Página 263 2º § - Evoca o alemão Heinhart
Koselleck que pesquisou as categorias meta-históricas da “experiência” e da
“espera” analisando as tensões e modos de articulação entre presente, passado e
futuro, e como essas são postas em relação.
Página 263 3º § Sugere-se, então, uma relação com
a antropologia histórica, e a compreensão do RH em duas formas:
a) Numa
acepção restrita, como uma sociedade trata seu passado.b) Numa acepção mais ampla apela para uma “consciência de si e de uma comunidade humana”
Em Paul Ricoer a filosofia da história traça o que ele
chama de “a condição de ser histórico” (p. 263 4º §).
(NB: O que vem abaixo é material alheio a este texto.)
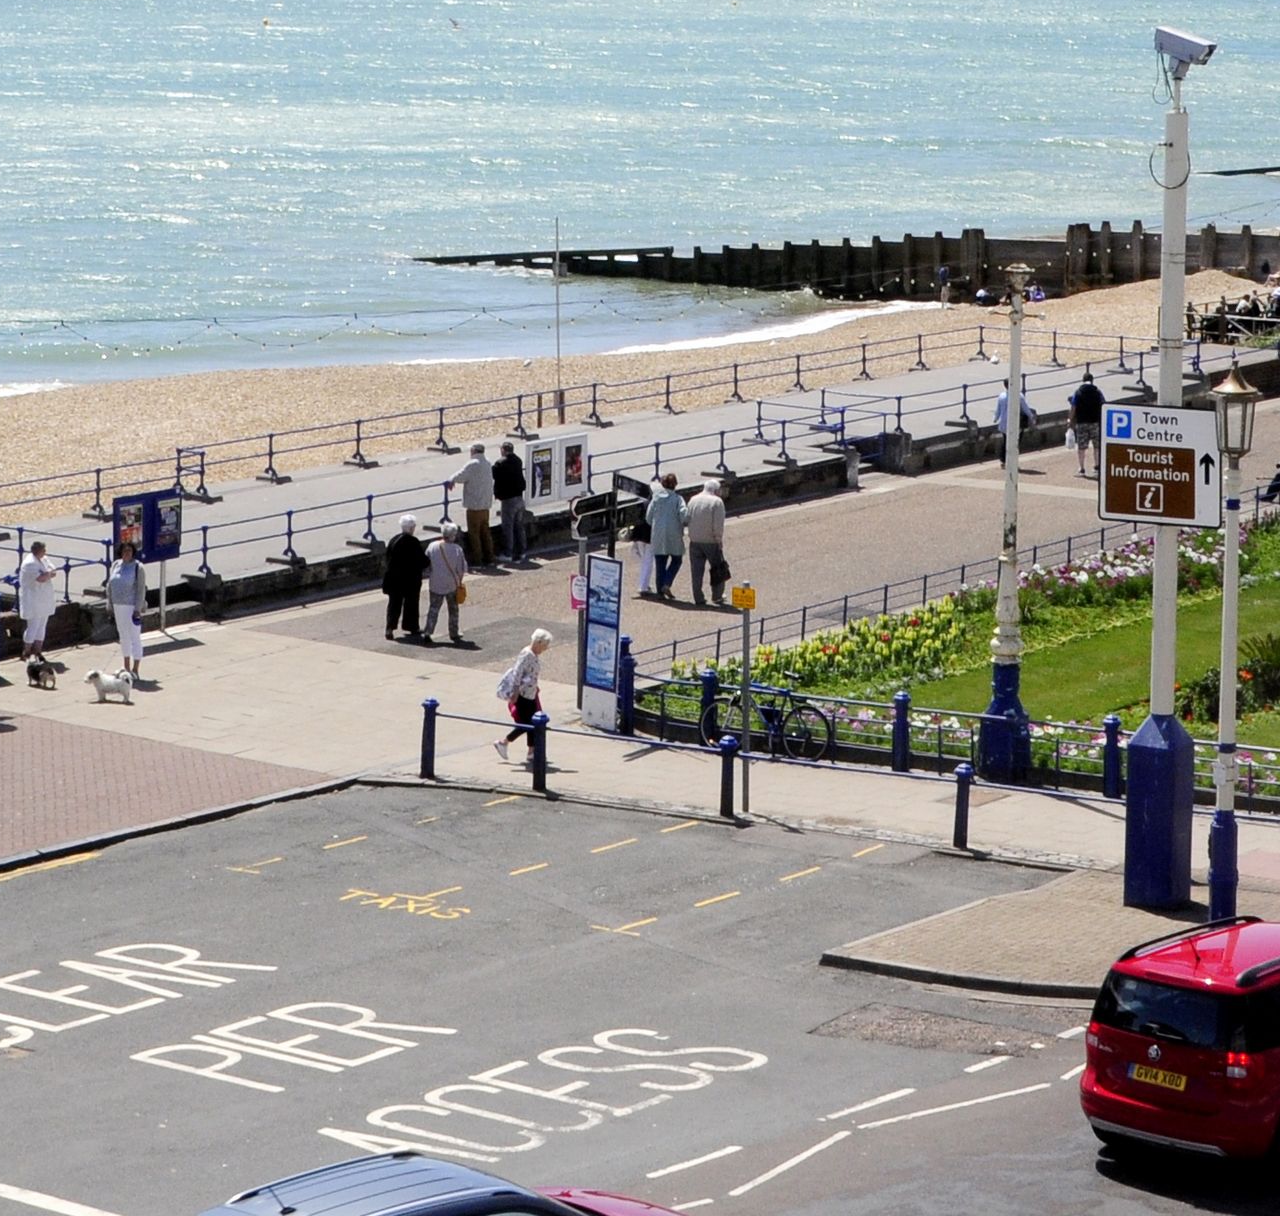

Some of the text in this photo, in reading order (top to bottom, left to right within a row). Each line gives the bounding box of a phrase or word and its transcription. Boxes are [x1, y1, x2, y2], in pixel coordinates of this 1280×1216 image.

[1112, 413, 1128, 436] P
[1142, 412, 1179, 426] Town
[1136, 428, 1184, 443] Centre
[1127, 449, 1174, 465] Tourist
[1111, 464, 1190, 483] Information
[128, 1001, 458, 1093] PIER
[1136, 1066, 1159, 1082] GV14
[317, 1028, 769, 1163] ACCESS
Na abordagem de François
Hartog foca-se a diversidade do RH”.
Página 264 – É citado o exemplo do Muro de Berlim.
Ele foi derrubado, mas “seria evidentemente falso dizer que ele tinha se congelado”
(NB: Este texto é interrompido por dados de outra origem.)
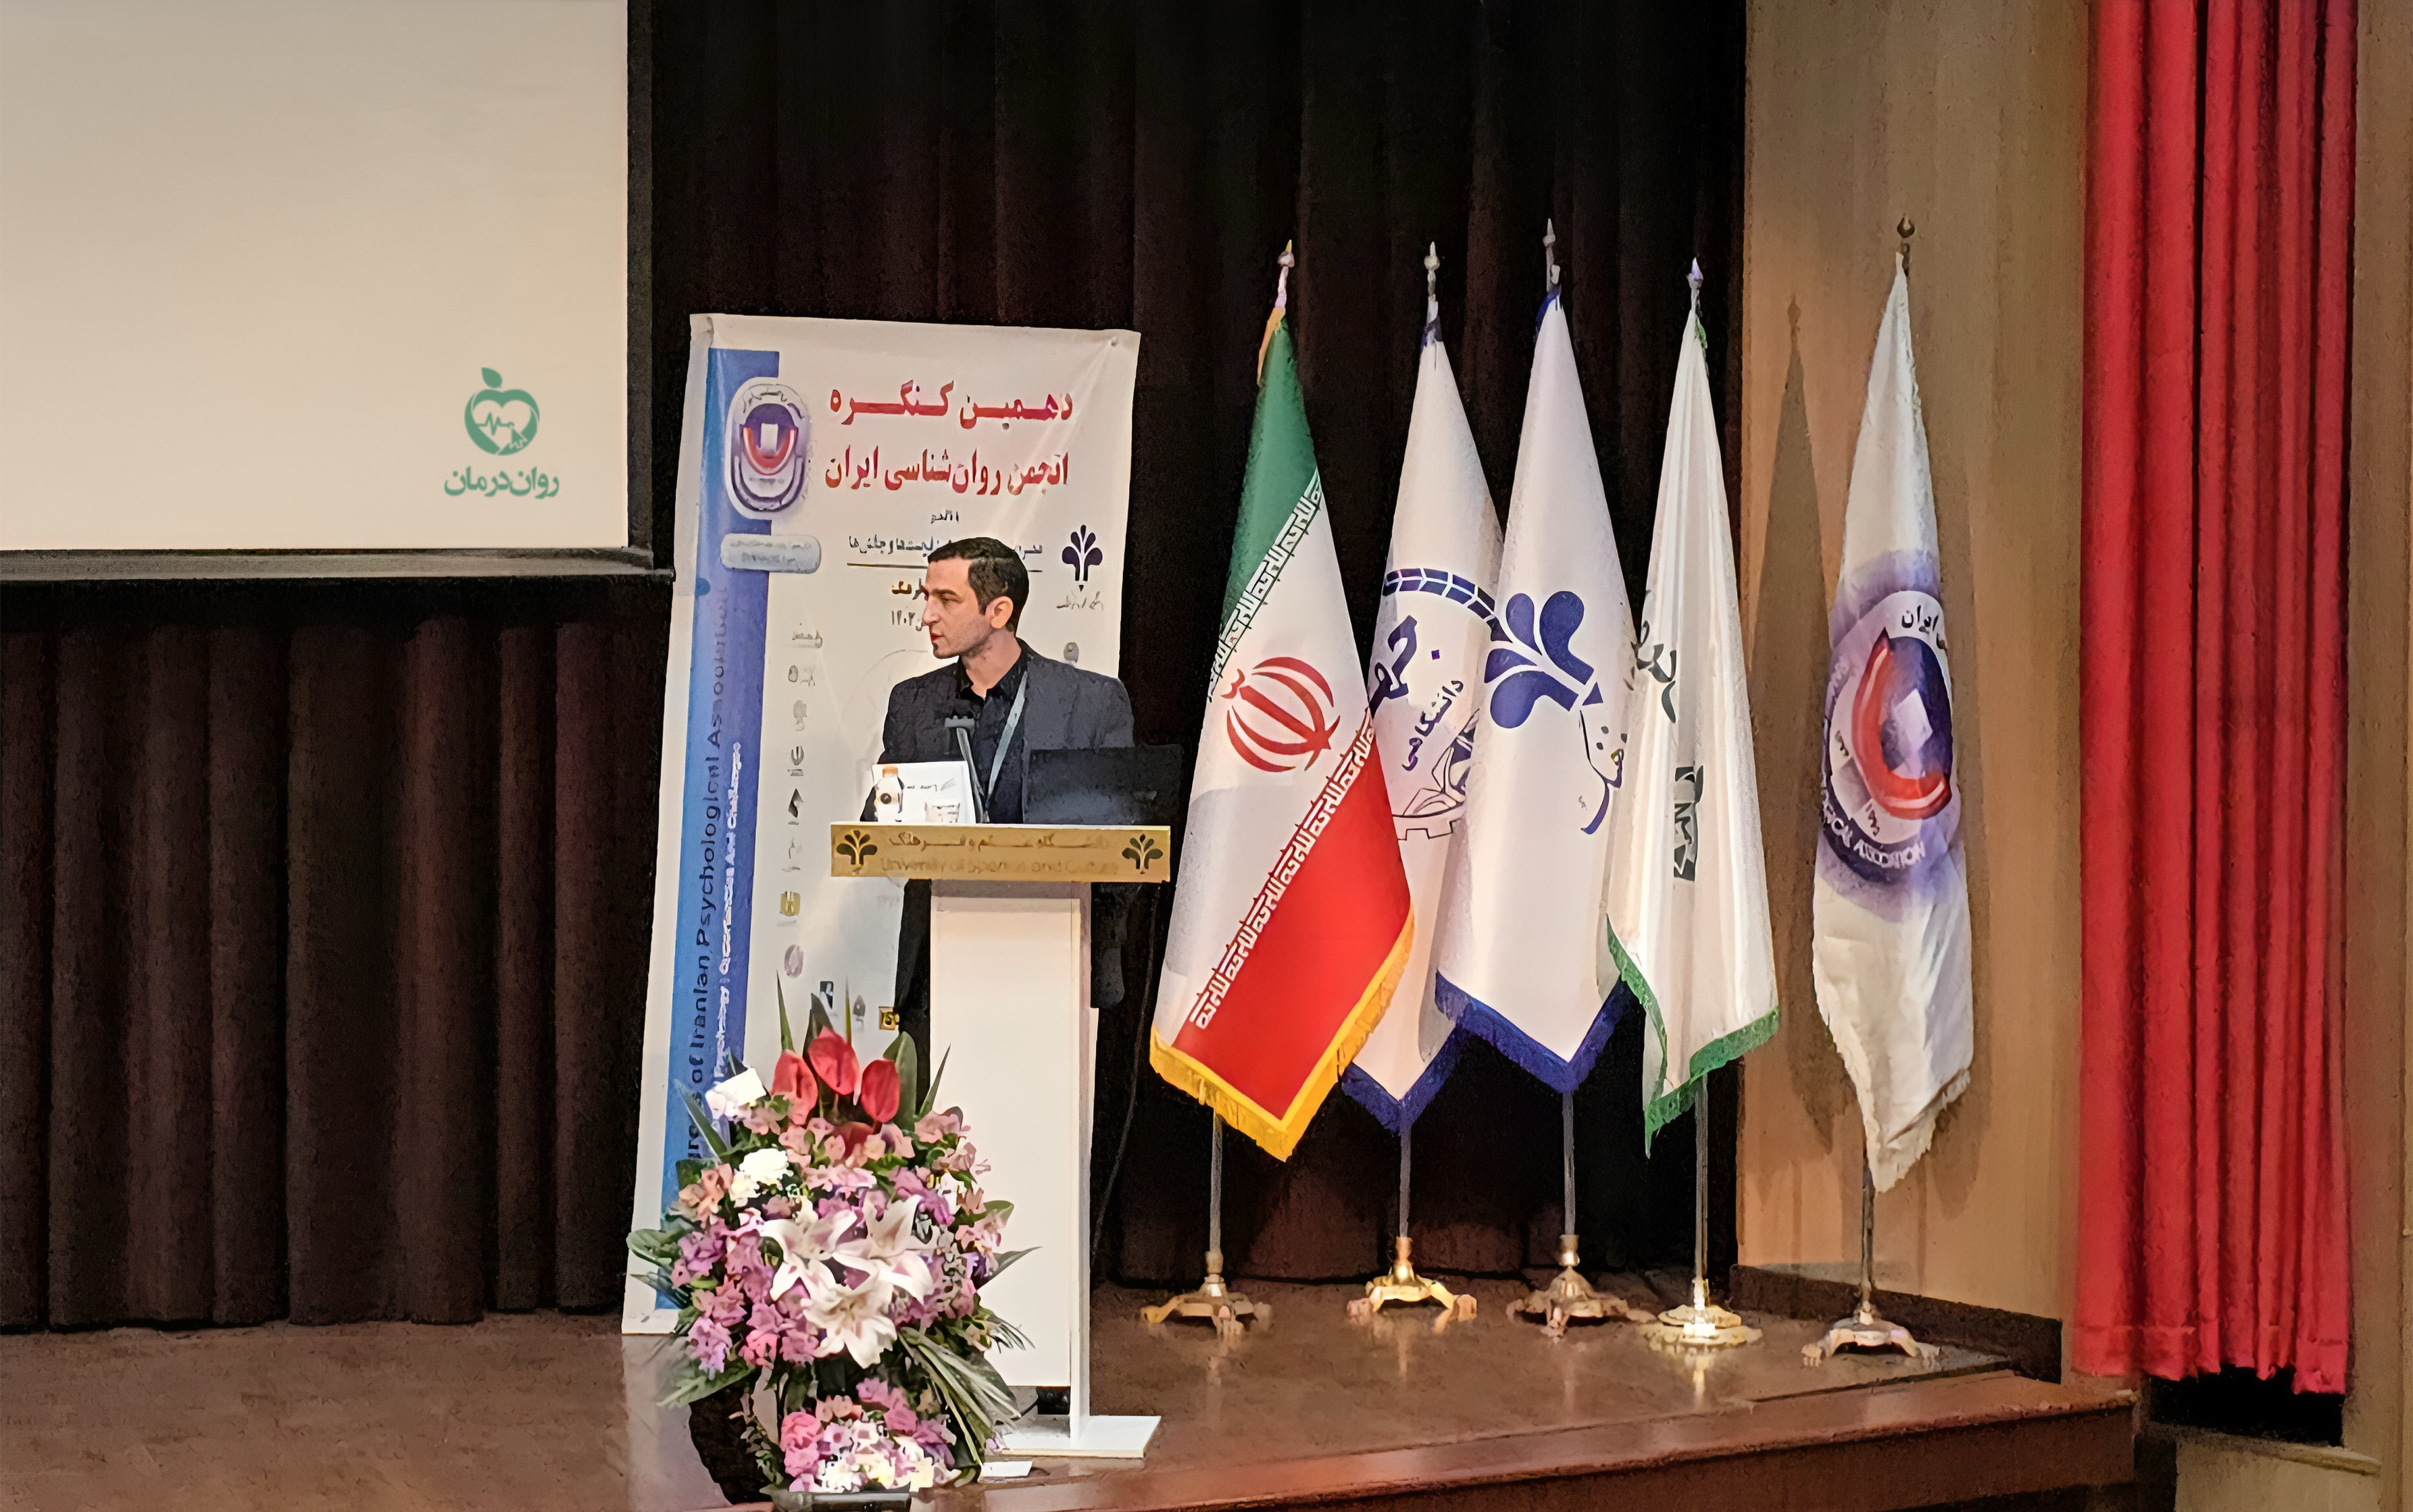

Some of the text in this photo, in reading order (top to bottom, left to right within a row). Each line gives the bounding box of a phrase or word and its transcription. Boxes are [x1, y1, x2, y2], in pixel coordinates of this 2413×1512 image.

(1º §), a história está viva, presente e fluente: no Muro, em sua queda e no
espaço pós derrubada.
Como afirma Hans Scharoun: “Não se pode ao mesmo tempo
construir uma sociedade nova e reconstruir os prédios antigos”. Nesse sentido
Berlim se tornou uma cidade emblemática, um ícone de Memória e Identidade. (p.
264. 3º §)
Memória e Identidade parecem estar sempre em relação com
o regime de historicidade. Um resgate constante do fluxo de informações entre
passado, presente e futuro. Daí a questão: Um novo RH, centrado sobre o
presente, estaria se formulando? (p. 265. 2º§)
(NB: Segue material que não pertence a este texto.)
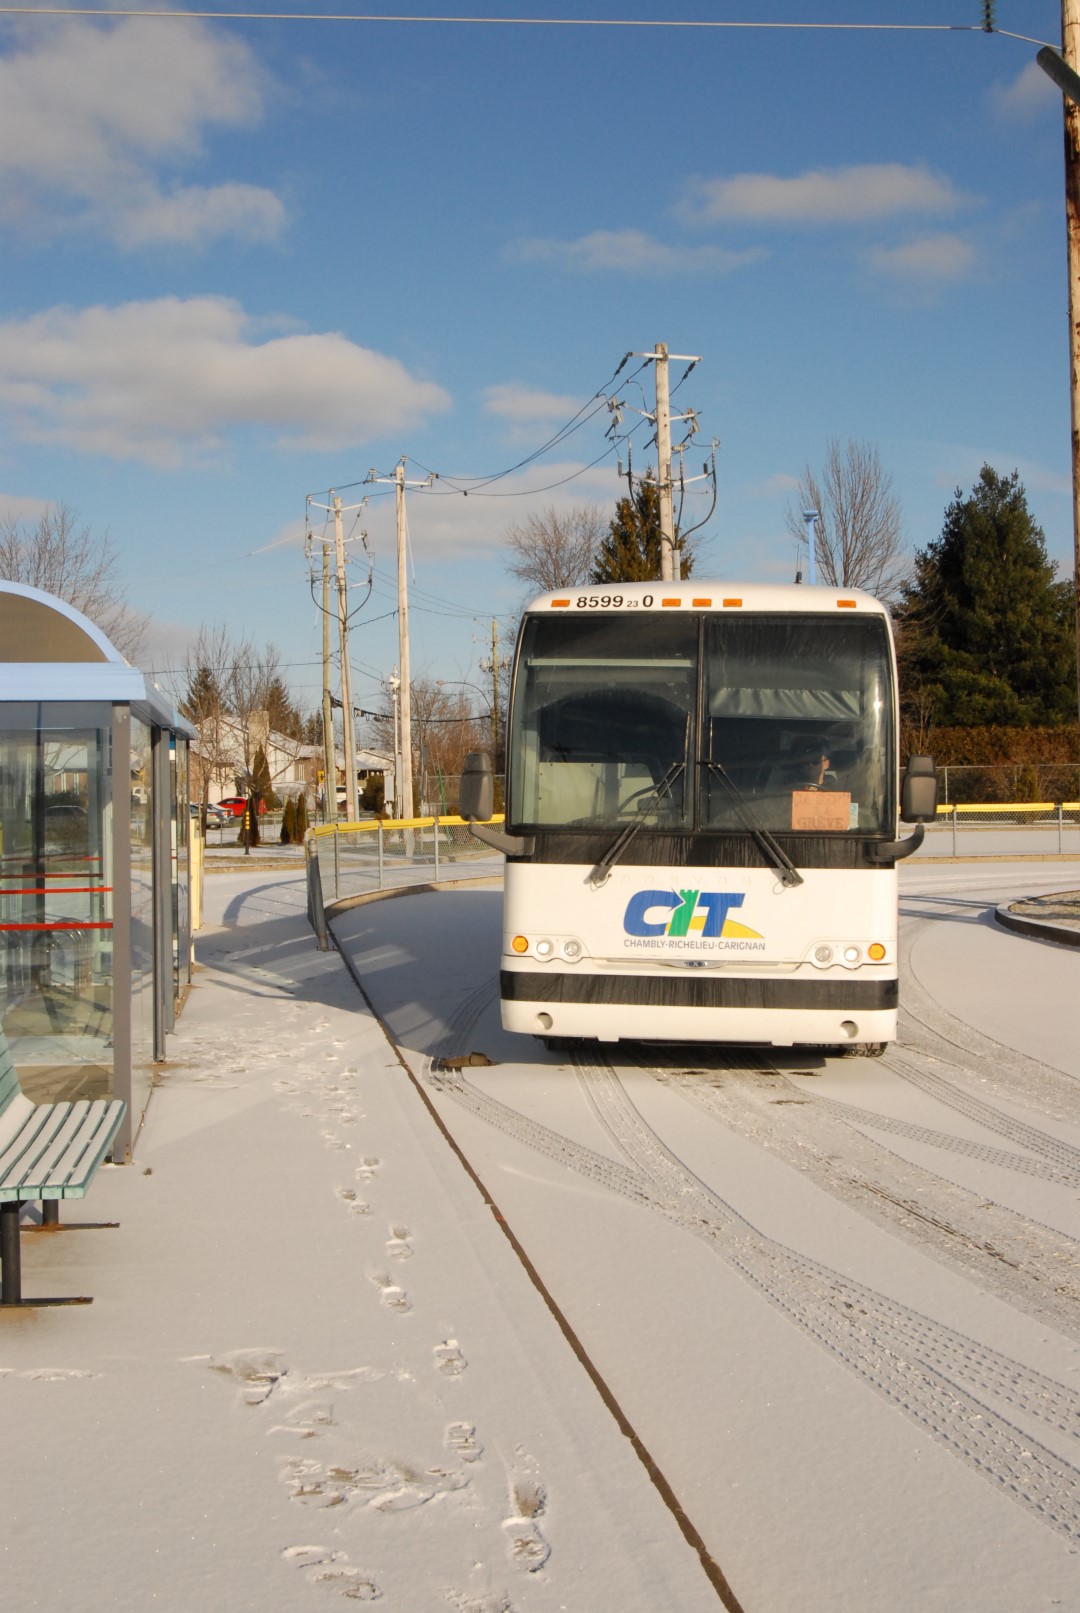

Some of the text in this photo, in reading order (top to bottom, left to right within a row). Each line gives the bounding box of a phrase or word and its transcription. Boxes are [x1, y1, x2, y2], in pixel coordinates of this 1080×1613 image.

[576, 595, 654, 608] 8599 23 0
[623, 887, 746, 938] CIT
Que significados adquirem ao longo do tempo o foco
centrado no patrimônio enquanto apontando para memórias do passado, se este, já
há algum tempo reclama um ajuste ao regime moderno apontando para o futuro? (p.
265 3º §)
O patrimônio se impôs como categoria dominante:- Na
França entre 1983 e 2002 foram mais de onze milhões de visitantes.
- As
convenções da UNESCO incentivam a universalização do patrimônio
- Uma
Escola Nacional do Patrimônio encarregada de formar os futuros
conservadores, funciona desde 1991 em Paris.
- Existe
desde 1996 um Fundação do Patrimônio
- Discussões
sobre o Patrimônio são organizadas desde 1984 pela direção do Patrimônio
no Ministério da Cultura. (p. 265)
Nesta nova configuração, Patrimônio e Memória operam como
vetores de identidade. (p.2663º §)
(p. 266 4º §) A partir daqui é citado o exemplo do
Japão cujas leis, desde 1871, introduzem a noção de “tesouro nacional”, em que
a palavra tesouro aponta para o aspecto imaterial (origem divina), até à lei de
1950, quando pela primeira vez aparece o conceito de patrimônio cultural
intangível.
Duas particularidades:
1)
É prevista a reconstrução periódica
de certos edifícios religiosos. (Nesse caso, o dilema ocidental: “conservar ou
restaurar”, não existe)
A
lógica japonesa é a da atualização dos patrimônios. (p. 267 2º§)
2)
No Japão é dada a designação de
“tesouro nacional vivo” a indivíduos ou grupos, que possuidores de um
patrimônio intangível, comprometem-se a transmiti-lo. (lei de 1950).
Portanto,
as noções de “original”, “cópia”, “autenticidade”, não são portadoras dos
mesmos valores no Japão.
No
decorrer dos anos então aumenta-se o foco em torno do patrimônio e da memória
pelo que foi preciso estipular “que nenhuma obra de arquiteto vivo seria
considerada como monumento histórico”. “Isto é um indício muito claro deste
presente que se historiciza”. (p. 268 2º §)
A
questão do tema dos patrimônios e do jogo do tempo está claro na preocupação
que aparece na concepção de monumento histórico que sofre alterações, entre a
Carta de Atenas (1931) e a Carta de Veneza (1964), as quais discutem: o que
preservar, e por que preservar? (p. 268 3º §)
A
partir dessas noções, legislações e discussões os patrimônios se multicaram; Já
estão arrolados:
1)
O “patrimônio cultural protegido”;
2)
O “patrimônio cultural de proximidade”
(Conjunto territorial);
3)
O “patrimônio natural”;
4)
O “patrimônio vivo”;
5)
O “patrimônio imaterial”;
sem falar nos termos “patrimônio genético” e
“ético” que já começam a circular. (p. 269 1º§)
A
inserção do conceito histórico na noção de monumento é um avanço entre a Carta
de Atenas para a Restauração dos Monumentos Históricos e a Carta de Veneza.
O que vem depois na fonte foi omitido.